3 Road Network Graph Modelling

To ensure that this methodology can be easily applied to any urban environment, OSM is the main open data source. OSM provides very high-resolution data regarding road networks collected through the collaboration of a big community of users worldwide. The topological data structure has two main elements: nodes and ways. Nodes represent map features without a size that can be approximated as points. While, ways are lists of nodes representing polylines and polygons. The more intuitive conversion of this structure in a graph model is to generate graph nodes from OSM nodes and relationships from ways that connect them. As a result, a primal graph is obtained. This graph can be used for routing purpose since each node maintains a reference to the real point in space where the junction is located. However, the number of nodes and relationships is very high, while the density is very low. A simplified representation of the road network can be generated by the dual approach where the graph nodes are roads (each identified by their OSM identifier). The resulting dual graph is a modified version of the named street graph (described in [8]) that assumes as street names their OSM identifiers. The dual graph’s analysis highlights the interactions between roads. These two representations of the road network are regenerated in the same graph database instance maintaining a connection between them to exploit the advantages of both approaches.

3.1 Primal Graph

The primal graph represent point-to-point relationships between junctions. The OSMnx Python package [5] was employed to construct the graph database instance directly from OSM data. Given a point and a radius, the data in the circular area are converted into a ‘graphml’ format; then, a Neo4j instance is generated through a query in Neo4j proprietary language: Cypher. To do that we employed the Awesome Procedure On Cypher (APOC)Footnote 5 library. Since our framework is devoted to vehicular traffic, we decide to consider only the roads where vehicles can travel. We modify the structure of the graph obtained directly with OSMnx: we changed the label of OSM nodes to ‘Node’, and we insert a spatial property containing the node’s location (latitude and longitude). Moreover, relationships between the junction nodes are called ‘ROUTE’ and contain information about the type of highway, the street name, the OSM identifier, the length of the road segment, and the status. The status property has also been added and is ‘active’ when the road is open to vehicular traffic, or ‘closed’ if not. A relationship is generated for each travel direction.

Fig. 1.
figure 1

An example of the primal graph structure.

Fig. 2.
figure 2

Comparison between the paths evaluated with the three approaches.

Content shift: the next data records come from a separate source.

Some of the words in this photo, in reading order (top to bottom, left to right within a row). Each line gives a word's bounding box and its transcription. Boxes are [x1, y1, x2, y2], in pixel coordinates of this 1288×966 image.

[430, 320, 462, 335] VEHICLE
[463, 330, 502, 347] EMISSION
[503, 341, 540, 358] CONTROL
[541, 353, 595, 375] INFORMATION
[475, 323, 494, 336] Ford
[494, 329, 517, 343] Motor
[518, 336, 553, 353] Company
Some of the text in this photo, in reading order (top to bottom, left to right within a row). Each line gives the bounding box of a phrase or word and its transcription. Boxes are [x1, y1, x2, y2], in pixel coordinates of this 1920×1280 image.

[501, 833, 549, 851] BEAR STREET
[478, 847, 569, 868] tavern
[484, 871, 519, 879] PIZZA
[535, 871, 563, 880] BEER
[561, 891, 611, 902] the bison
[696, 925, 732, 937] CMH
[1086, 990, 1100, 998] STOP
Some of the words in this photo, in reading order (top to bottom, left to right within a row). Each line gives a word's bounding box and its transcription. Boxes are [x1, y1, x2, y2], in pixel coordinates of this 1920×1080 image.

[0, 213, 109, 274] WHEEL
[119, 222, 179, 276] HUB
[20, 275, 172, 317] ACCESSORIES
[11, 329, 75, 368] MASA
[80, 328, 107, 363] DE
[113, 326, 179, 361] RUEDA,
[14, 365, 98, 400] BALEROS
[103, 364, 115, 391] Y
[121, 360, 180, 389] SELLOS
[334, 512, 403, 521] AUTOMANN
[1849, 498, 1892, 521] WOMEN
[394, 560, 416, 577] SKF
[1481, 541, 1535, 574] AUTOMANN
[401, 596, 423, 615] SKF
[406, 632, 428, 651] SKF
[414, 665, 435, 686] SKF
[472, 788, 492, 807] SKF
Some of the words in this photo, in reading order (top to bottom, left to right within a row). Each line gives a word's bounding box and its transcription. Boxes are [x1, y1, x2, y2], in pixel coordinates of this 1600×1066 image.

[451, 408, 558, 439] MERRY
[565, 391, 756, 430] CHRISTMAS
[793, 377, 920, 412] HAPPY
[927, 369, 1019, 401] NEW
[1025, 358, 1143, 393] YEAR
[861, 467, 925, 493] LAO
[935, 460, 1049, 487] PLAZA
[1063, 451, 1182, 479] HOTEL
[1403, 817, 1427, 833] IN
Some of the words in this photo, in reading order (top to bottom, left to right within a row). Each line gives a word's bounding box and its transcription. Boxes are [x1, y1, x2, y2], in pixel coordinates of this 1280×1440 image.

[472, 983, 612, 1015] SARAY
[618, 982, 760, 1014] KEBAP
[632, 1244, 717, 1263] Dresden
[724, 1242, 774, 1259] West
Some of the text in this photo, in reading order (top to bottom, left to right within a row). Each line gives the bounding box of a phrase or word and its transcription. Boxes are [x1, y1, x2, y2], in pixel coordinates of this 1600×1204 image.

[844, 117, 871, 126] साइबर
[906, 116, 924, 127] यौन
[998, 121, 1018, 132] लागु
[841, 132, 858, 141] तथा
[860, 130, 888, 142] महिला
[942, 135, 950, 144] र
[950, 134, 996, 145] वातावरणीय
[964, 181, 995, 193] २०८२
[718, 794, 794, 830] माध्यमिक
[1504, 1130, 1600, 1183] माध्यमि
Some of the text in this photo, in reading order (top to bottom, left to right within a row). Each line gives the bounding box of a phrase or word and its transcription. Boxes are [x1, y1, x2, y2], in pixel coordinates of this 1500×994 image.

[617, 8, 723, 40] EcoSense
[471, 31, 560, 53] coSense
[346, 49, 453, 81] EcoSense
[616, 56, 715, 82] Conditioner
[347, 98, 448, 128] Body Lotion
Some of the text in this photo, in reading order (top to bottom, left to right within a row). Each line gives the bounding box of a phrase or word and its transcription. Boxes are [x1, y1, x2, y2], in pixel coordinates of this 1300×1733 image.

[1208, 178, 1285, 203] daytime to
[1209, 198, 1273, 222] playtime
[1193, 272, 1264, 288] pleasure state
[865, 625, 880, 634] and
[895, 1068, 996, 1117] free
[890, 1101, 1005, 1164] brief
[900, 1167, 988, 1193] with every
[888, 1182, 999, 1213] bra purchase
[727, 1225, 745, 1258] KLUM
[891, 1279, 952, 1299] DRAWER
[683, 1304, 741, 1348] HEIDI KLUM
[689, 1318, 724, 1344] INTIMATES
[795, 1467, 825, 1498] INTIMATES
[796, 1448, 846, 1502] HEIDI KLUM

For routing purposes, also POIs are of key importance as sources and targets of vehicles’ routes. For this reason, the Overpass APIFootnote 6 is queried to get data regarding amenities (e.g. restaurants, bars, pubs, and schools) and insert POI in the already existing graph as new nodes. The OSM’s flexible structure enables the association of a variable number and different type of tags to each element (way or node) that describes its properties. Thus, the POI nodes are labelled as ‘PointOfInterest’ with a connected ‘Tag’ node containing all the additional properties of the POI retrieved from OSM. Each POI is connected to a node labelled as ‘OSMWayNode’ with a ‘MEMBER’ relationship and then connected to the node of the road network nearest to the exact geographic position of the POI. When the POI is represented as a point (OSM node), the ‘OSMWayNode’ is a single node. While, when the POI has a complex geometry (e.g. polygon) and is represented as a way in OSM, it is represented as a collection of connected ‘OSMWayNodes’. Figure 1 shows an example of a POI node connected to: a Tag node with additional information, and an OSMWayNode connected to the other nodes of the road network. The Gray relationships are of ‘ROUTE’ type and the value displayed is the distance in meters. Exploiting the framework for our use case, we generate a primal graph for the city of Modena containing 19,607 junction nodes, 841 POIs nodes, and 33,571 ‘ROUTE’ relationships. The average un-directed degree of nodes is 3.41: the incoming and outgoing average degree are very similar and around 1.71. The graph has a very low density as expected for a road network (\(8 \times 10^{-5}\)).

3.2 Dual Graph

The primal graph is a point-to-point oriented graph where the relationship that connects the nodes are segments of road lanes and to represent a single road you may need more than one relationship. For example, in Fig. 3, all the nodes and relationships highlighted in orange in the primal graph correspond to the same road. For this reason, we decide to generate a simplified version of the graph that is derived from the primal graph, and thus we will refer to it as dual graph. In this graph, each road is represented by a node ‘RoadOsm’, and the relationships ‘CONNECTED’ are generated between connected roads. Two roads are connected if there is a junction that allows driving from the source road to the target road. Thus, each ‘CONNECTED’ relationship is associated with a junction ‘Node’ in the primal graph. However, for each node in the primal graph there could be several ‘CONNECTED’ relationships in the dual graph. This version of the graph is distant from the real street map since the nodes do not have a spatial reference. For example, in Fig. 3, the node highlighted in light blue in the primal graph corresponds to the three relationships in the same color in the dual graph. This alternative representation can be useful to better understand the relationship between roads and identify the ones that are more important in the road network. Our framework automatically generate this simplified dual graph as an additional layer over the primal graph. Moreover, the graph contains only the roads in the ‘active’ status: open to vehicular circulation. In this way, the user can generate alternative dual graphs in different scenarios of road closures and study the different relationships’ contexts that will emerge. The dual graph generated for the city of Modena contains 4421 nodes and 15037 relationships, the average undirected degree of nodes is 6.8 (the incoming and the outgoing average degrees are very similar and around 3.4), and a decimal order higher density compared with the primal graph (\(7\times 10^{-4}\)).

Fig. 3.
figure 3

Example of a primal graph (on the left) and the dual graph (on the right). (Color figure online)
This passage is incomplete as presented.